Patient Reported Adverse Outcomes on Treatment of Type-2 Diabetes Mellitus and Co-Morbidities in South India

Y. Siva Shankar Reddy*1, B Kumar1, Umesh Kamarthi2, M. Gobinath1
1Department of Pharmacy Practice, Ratnam Institute of Pharmacy, Nellore.
2Clinical Pharmacist, BGS Global Hospitals, Kengeri, Bangalore, Karnataka, India, Pin–524348

A B S T R A C T
To evaluate patient reported adverse outcomes in type 2 diabetes mellitus with or without co-morbidities in South India. Mainly to contact the study subjects using mobile phones, to record patient reported adverse outcomes including ADR, AE and Unresolved Condition, to ensure medication adherence and to evaluate the role of active surveillance in reporting of events. This Pharmacovigilance study was a prospective Cohort study design with 3 follow ups on active surveillance to improve the passive reports form diabetic patients who are taking medicine from BGS GLOBAL hospital. We included ADR, AE’s, unresolved problems and medication adherence in surveillance to conduct PROs. Data on 133 diabetic patients were included in the study and data were collected for first 3 months and followed by 3 active surveillance. Totally we our tem got 171 outcomes, (126) (73.68%) was through Active surveillance and (45) (26.31%) was through Passive surveillance. Active surveillance repots were received while an interventional enquiry as passive reports was received voluntarily. Many patients are interacted with us for asking counseling regarding diet, exercise and medial information in regular follow ups. They are totally 35, in which 9 diet, 6 exercise, 17 medical information and 3 other. We expected more passive reports from patients but very few are shown interest to report and share their medical information with medical staff. We can conclude that many of the patients in line of medical adherence are risk zone, can chance to exposure ADR. By the study our team says that, it’s very difficult to improve and apply PROs system in developed areas like Bangalore, Hyderabad, and Chennai.
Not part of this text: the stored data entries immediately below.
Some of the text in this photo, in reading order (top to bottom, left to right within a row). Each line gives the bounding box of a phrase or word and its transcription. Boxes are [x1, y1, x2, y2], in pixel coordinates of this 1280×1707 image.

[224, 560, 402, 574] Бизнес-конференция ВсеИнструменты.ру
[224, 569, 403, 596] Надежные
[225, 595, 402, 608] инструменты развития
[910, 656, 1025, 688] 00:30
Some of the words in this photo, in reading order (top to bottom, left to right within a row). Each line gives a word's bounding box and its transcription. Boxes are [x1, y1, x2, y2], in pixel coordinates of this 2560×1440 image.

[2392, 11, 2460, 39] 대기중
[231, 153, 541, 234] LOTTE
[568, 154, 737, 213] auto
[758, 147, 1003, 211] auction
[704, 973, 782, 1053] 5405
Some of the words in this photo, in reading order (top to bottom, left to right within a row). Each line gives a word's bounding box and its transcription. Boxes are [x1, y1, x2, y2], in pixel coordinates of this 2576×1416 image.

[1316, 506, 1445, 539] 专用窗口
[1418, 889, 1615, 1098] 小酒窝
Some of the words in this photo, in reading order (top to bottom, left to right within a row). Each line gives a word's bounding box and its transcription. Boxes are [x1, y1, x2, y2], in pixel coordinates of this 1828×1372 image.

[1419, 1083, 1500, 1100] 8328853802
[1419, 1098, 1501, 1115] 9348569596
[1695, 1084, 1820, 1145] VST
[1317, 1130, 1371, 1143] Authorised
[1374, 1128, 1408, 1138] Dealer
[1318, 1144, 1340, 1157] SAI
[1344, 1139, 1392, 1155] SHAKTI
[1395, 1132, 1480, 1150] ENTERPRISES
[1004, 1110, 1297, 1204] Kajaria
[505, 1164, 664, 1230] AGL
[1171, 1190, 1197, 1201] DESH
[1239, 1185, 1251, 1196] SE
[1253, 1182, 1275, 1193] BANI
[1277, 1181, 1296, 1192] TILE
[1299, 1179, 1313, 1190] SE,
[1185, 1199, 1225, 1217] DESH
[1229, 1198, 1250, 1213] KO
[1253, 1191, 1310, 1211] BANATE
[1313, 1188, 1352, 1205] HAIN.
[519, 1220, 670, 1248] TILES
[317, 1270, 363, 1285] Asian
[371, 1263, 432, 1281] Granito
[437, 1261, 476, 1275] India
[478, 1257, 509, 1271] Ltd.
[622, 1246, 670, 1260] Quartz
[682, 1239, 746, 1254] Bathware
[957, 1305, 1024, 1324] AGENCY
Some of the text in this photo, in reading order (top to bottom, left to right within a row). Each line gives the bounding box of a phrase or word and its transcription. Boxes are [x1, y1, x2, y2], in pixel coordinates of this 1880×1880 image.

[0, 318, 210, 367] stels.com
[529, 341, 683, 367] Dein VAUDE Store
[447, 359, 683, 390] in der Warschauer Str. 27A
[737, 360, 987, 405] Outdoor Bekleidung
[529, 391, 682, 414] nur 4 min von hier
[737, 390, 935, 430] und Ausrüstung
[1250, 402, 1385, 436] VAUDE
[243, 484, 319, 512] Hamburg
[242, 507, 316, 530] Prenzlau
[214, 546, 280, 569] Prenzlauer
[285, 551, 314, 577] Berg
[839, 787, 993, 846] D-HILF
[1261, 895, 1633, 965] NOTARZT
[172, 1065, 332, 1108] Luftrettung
Because patients don’t bother about medical induced problems and they won’t show any interest and responsibilities in reporting. Patients need to encourage and given value added basic information and tips in process of reporting in medical induced issues. In future we are planning to provide education to patients along with leaflets to improve patients reported outcomes system for better patient’s medical improvement.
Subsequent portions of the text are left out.